Discrepancies between results of the studies might be partially explained by the differences in the population sample sizes, inclusion criteria for the subject’s recruitment, way of ArSt quantification, or the variety of adjustment variables. Studies, performed on large population samples tended to observe a positive association between ArSt and TG, however, some of them used PWV as an ArSt marker [8, 9, 24]. Also, studies that failed to find an association between TG and ArSt were often conducted on the population samples with MetS [17, 19] or diabetes [18], meanwhile, studies that are indicating positive relationship included mostly healthy subjects [9, 22, 25]. More prospective studies are needed, to clarify the risk of elevated TG and its’ effect on the arterial wall state.

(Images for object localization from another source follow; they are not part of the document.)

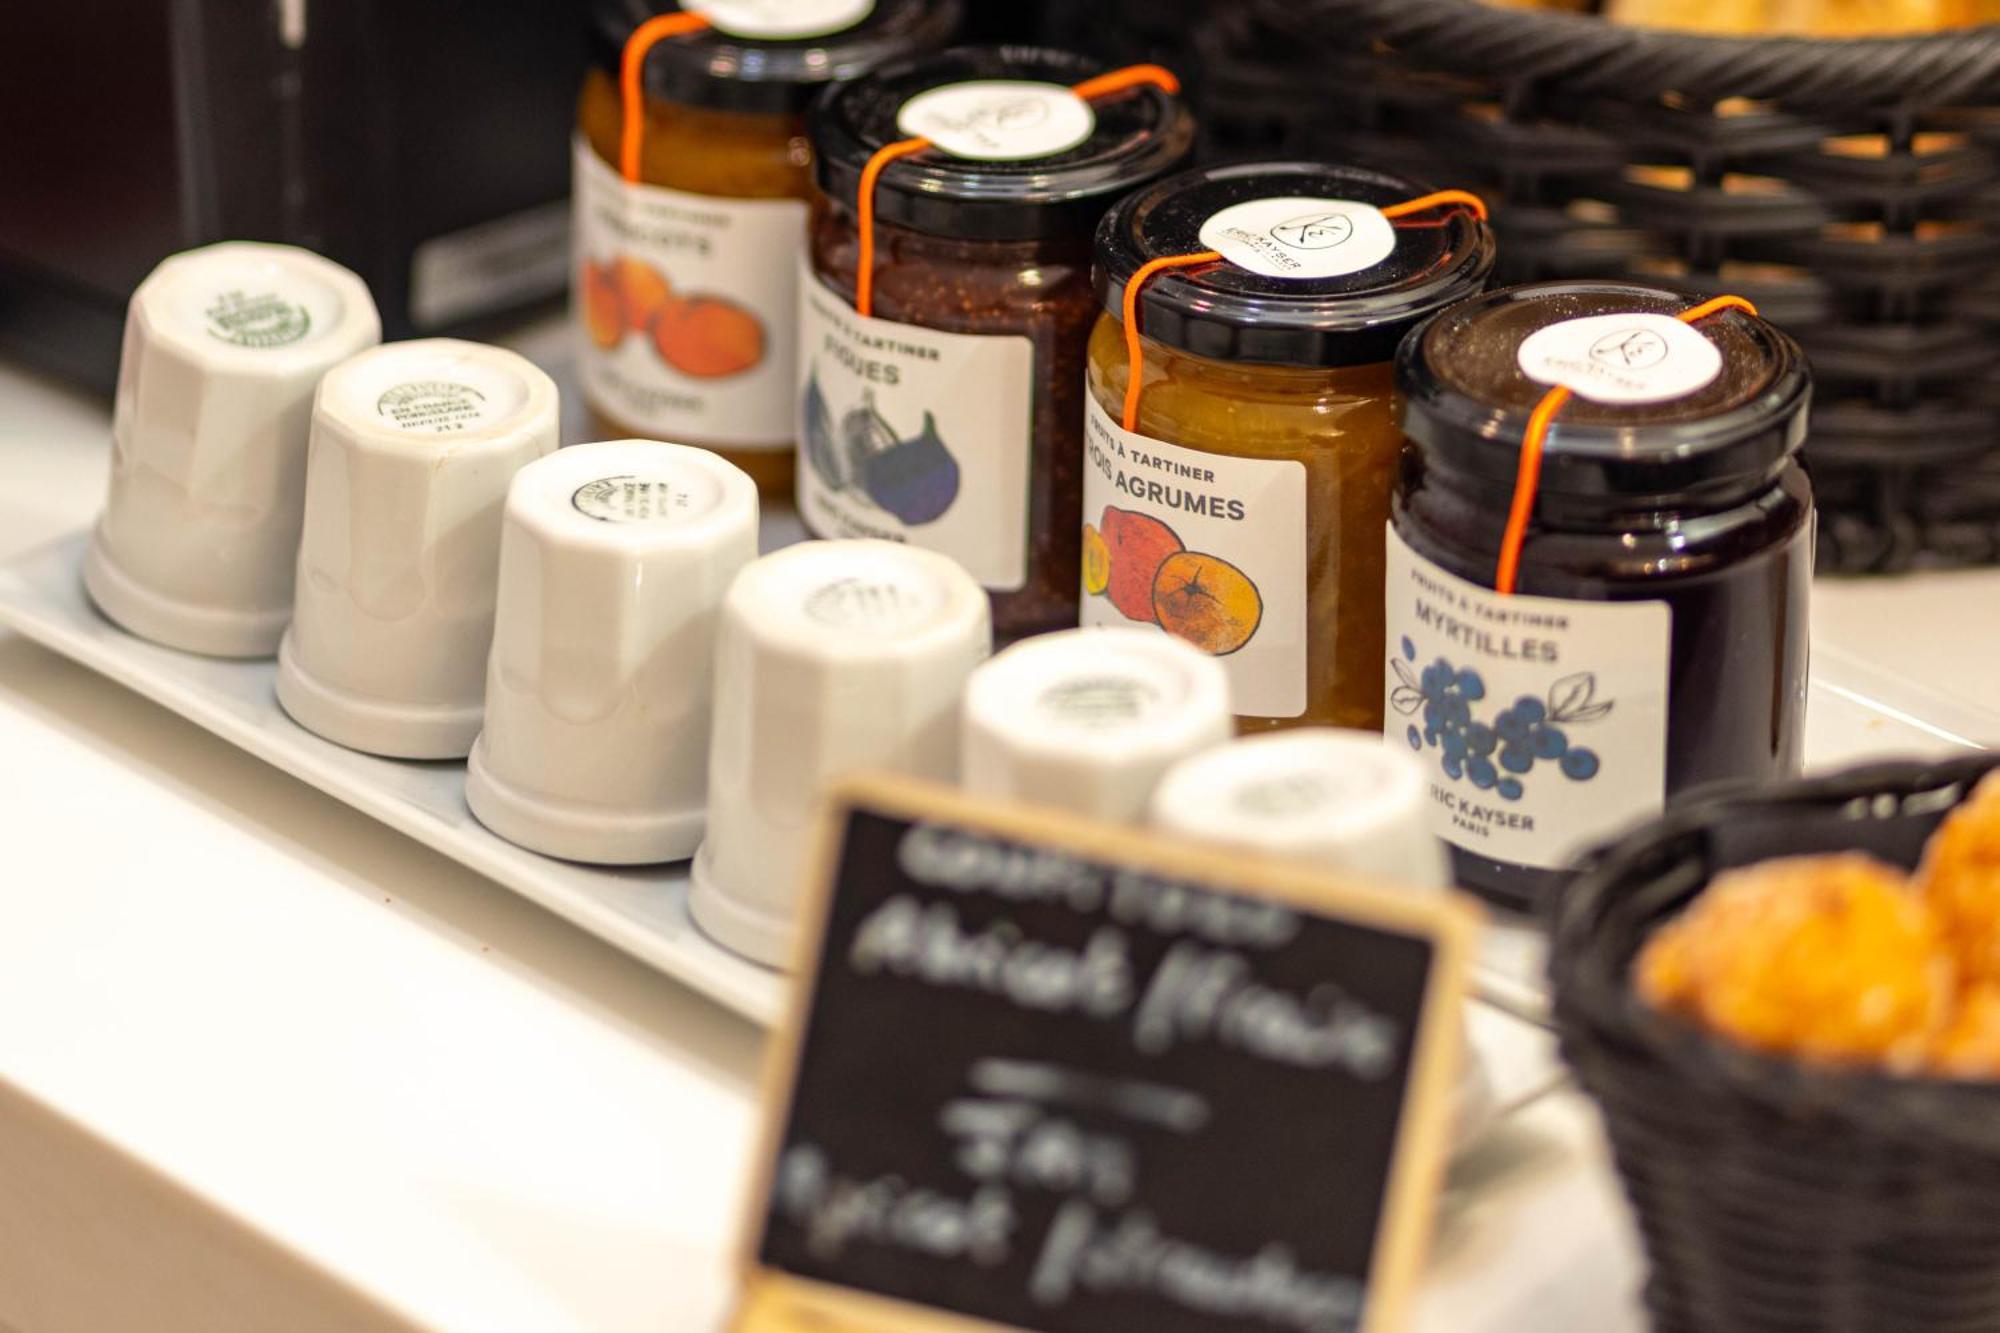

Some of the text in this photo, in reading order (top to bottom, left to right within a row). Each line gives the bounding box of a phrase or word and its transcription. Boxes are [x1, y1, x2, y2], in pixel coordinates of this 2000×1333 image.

[1254, 236, 1302, 269] KAYSER
[824, 333, 901, 385] FIGUES
[1130, 449, 1216, 483] TARTINER
[1115, 472, 1246, 521] AGRUMES
[1410, 568, 1456, 604] FRUITS
[1474, 602, 1571, 631] TARTINER
[1415, 598, 1559, 662] MYRTILLES
[1452, 814, 1490, 838] PARIS
[1458, 798, 1535, 832] KAYSER
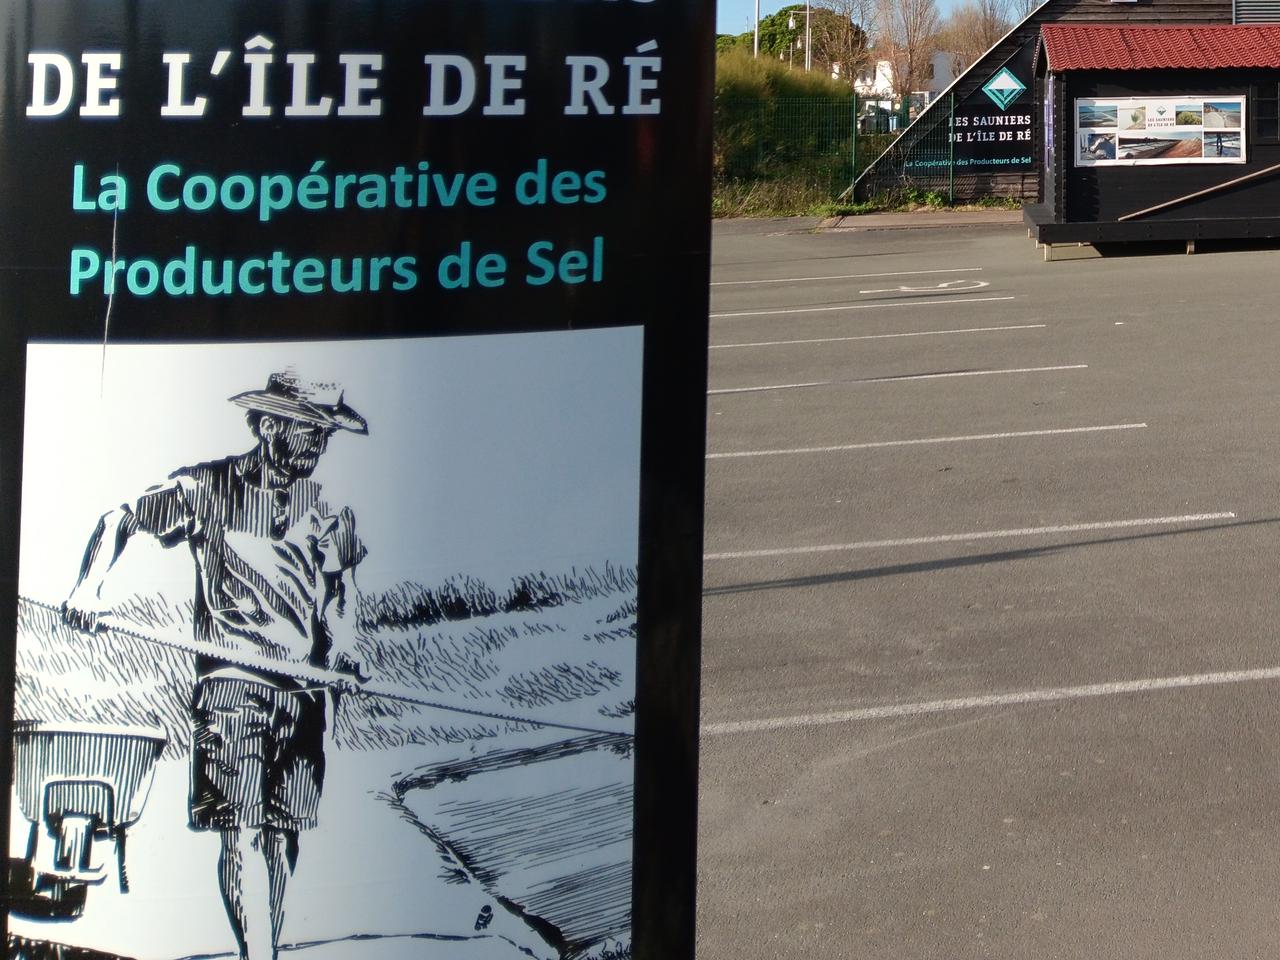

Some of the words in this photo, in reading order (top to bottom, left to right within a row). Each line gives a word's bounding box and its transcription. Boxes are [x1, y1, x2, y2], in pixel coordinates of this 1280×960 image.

Most commonly, therapy of dyslipidemia is focused on lowering LDL-c levels. Non-HDL-C (representing the sum of cholesterol in LDL, intermediate-density lipoprotein [IDL], and very-low-density lipoprotein [VLDL] particles) is a preferred secondary treatment target. However, therapy focused only on LDL-c will not address other abnormalities of lipid spectrum (as high levels of TG and low HDL-c levels), which increase residual cardiovascular risk, even after reaching recommended levels of LDL-c. [36, 37].

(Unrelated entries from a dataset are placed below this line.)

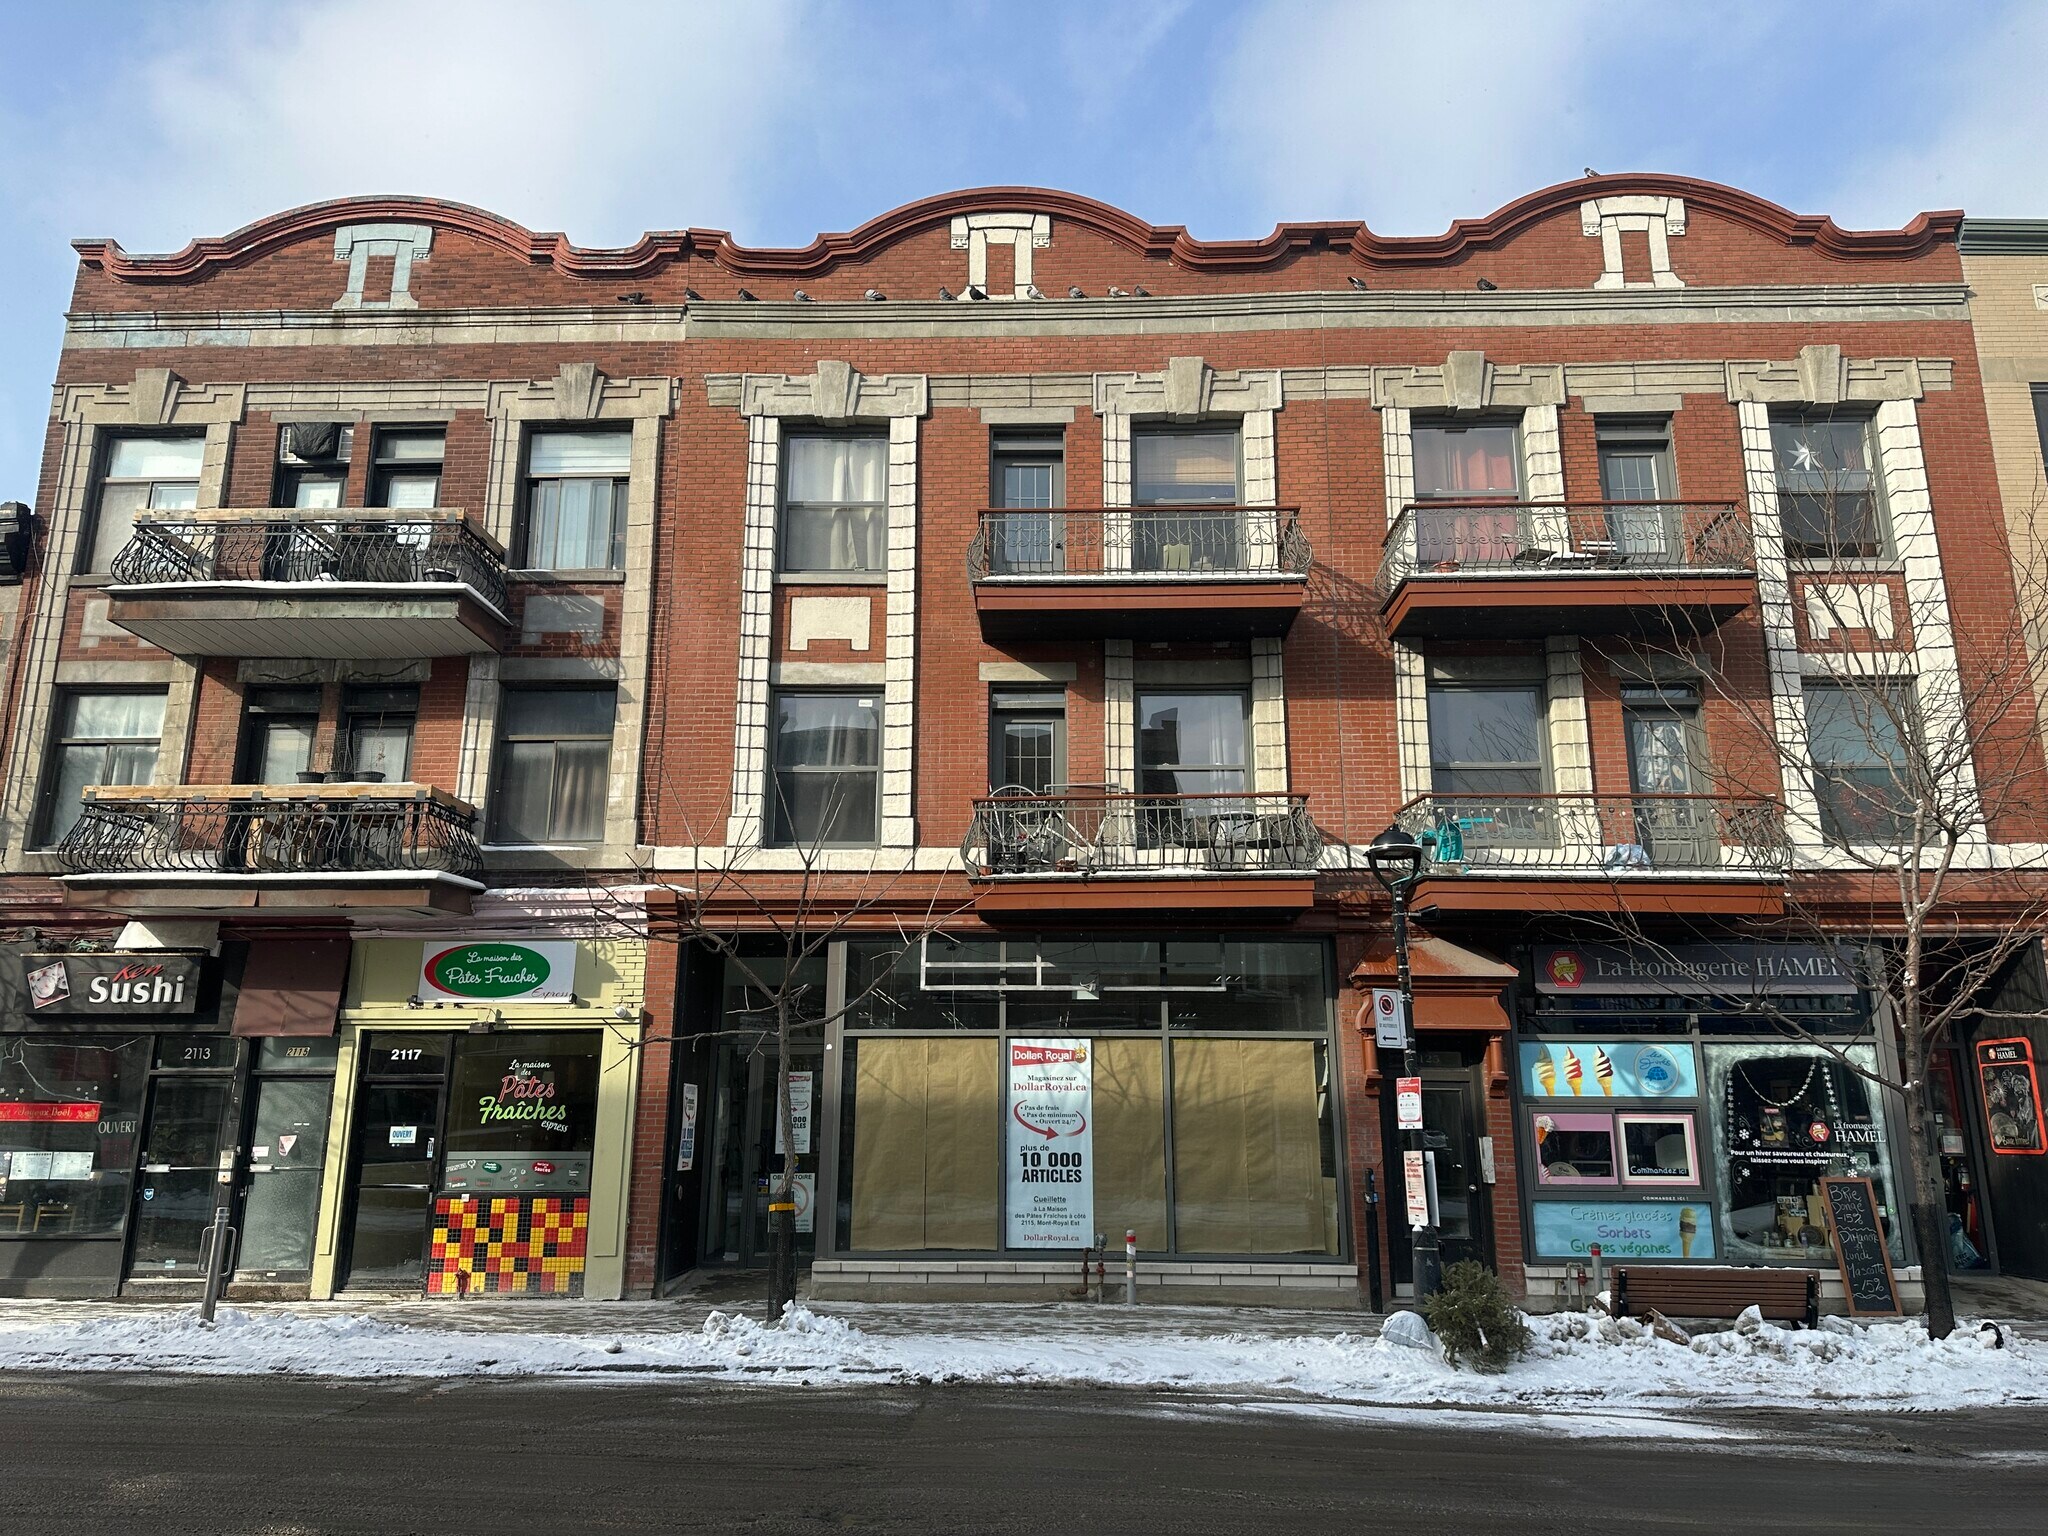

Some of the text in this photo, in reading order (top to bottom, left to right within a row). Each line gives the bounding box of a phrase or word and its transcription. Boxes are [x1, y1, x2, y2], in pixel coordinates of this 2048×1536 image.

[466, 952, 523, 963] La maison des
[112, 963, 164, 982] Ken
[1596, 958, 1622, 976] La
[1629, 957, 1750, 982] fromagerie
[88, 975, 186, 1004] Sushi
[531, 987, 569, 999] Express
[184, 1048, 211, 1060] 2113
[390, 1048, 422, 1060] 2117
[1045, 1050, 1072, 1062] Royal
[1997, 1051, 2018, 1060] HAMEL
[508, 1059, 551, 1070] La maison
[520, 1068, 532, 1076] des
[498, 1074, 555, 1103] Pâtes
[1014, 1083, 1086, 1092] DollarRoyal.ca
[479, 1096, 567, 1124] Fraîches
[98, 1120, 137, 1134] OUVERT
[541, 1120, 569, 1132] espress
[1844, 1122, 1881, 1131] fromagerie
[392, 1130, 412, 1138] OUVERT
[1835, 1130, 1887, 1142] HAMEL
[1020, 1144, 1037, 1152] plus
[1020, 1152, 1082, 1167] 10 000
[1813, 1151, 1849, 1159] chaleureux,
[1022, 1169, 1082, 1182] ARTICLES
[1630, 1166, 1677, 1174] Commandez
[1570, 1207, 1673, 1223] Crèmes glacées
[1837, 1213, 1863, 1224] -15%
[1024, 1234, 1079, 1242] DollarRoyal.ca
[1598, 1225, 1651, 1239] Sorbets
[1619, 1242, 1672, 1256] véganes

The whole spectrum of possible underlying pathophysiological mechanisms of the influence of lipid profile on ArSt has not been well established yet. However, abnormal lipid profile simultaneously influences several pathways – the development of atherosclerotic plaques, oxidative stress, inflammation enhancement, endothelial dysfunction, and low availability of nitric oxide [38]. From the point of view of atherosclerosis and CVD, there are four main mechanisms which can indirectly increase CVD risk. First, hydrolysis of postprandial chylomicrons or endogenously formed VLDL leads to further formation of cholesterol-rich remnants, which can enter the subendothelial space through the scavenger receptors and promote the formation of the foam-cells [23]. Second, higher Apolipoprotein (Apo) CIII might also have an impact on the metabolism of TGs, through inhibition of TG hydrolysis and increased formation of dense, oxidation-prone low-density lipoprotein particles [9, 39]. Liver fat mass was also directly associated with the amount of secreted very low-density lipoprotein [39]. Third, high TG might disrupt the mechanism of reverse cholesterol transport [39]. Fourth, in vitro analysis indicates that high TG might also promote endothelial dysfunction, by stimulating the expression of endothelial mediators, such as endothelin-1 [23].

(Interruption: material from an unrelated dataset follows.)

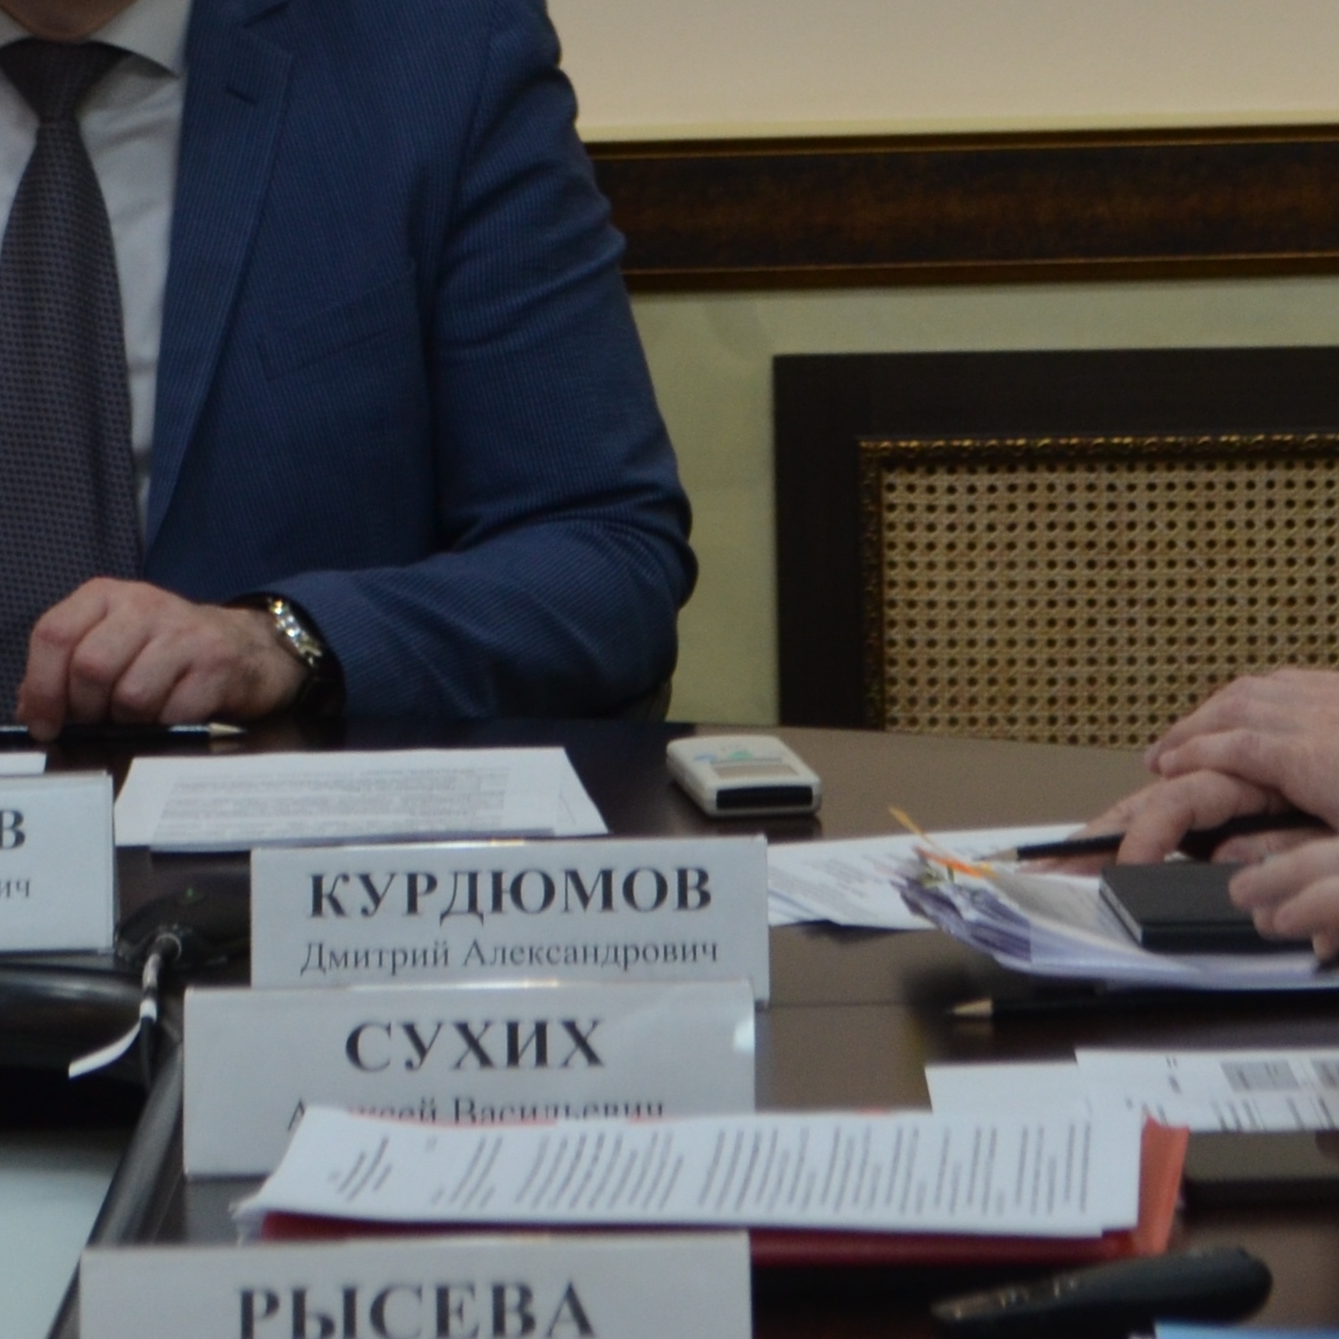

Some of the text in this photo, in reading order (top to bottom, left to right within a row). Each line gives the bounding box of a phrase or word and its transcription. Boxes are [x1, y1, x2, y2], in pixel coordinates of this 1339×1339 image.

[308, 866, 713, 927] КУРДЮМОВ
[300, 938, 719, 976] Дмитрий Александрович
[345, 1017, 606, 1073] СУХИХ
[238, 1280, 597, 1339] РЫСЕВА

One of the potential confounders in the relationship between TG and ArSt is treatment with statins, which are one of the most commonly prescribed drugs. Statins have shown diverse effects on the human body, including improving endothelial function in the presence of atherosclerotic risk factors. A recent meta-analysis [40] included 18 controlled trials with 1701 subjects, aimed to assess the effects of statin therapy on ArSt showed a significant reduction of augmentation index independent on LDL-c changes (WMD: -2.40%, 95% CI: -4.59, -0.21, P = 0.032; I²: 51.20 %) [40].
Strength and limitations of the study
The main strength of the study is the representative population-based sample and a wide spectrum of tests performed. The main limitation of the present report is that the cross-sectional design doesn’t allow to establish causality between TG and ArSt. Independent association between TG and CAVI as continuous variables was not reported because the assumptions of linear regression analysis were not met. The future prospective results of this study will allow us to examine the predictive value of lipid profiles on ArSt.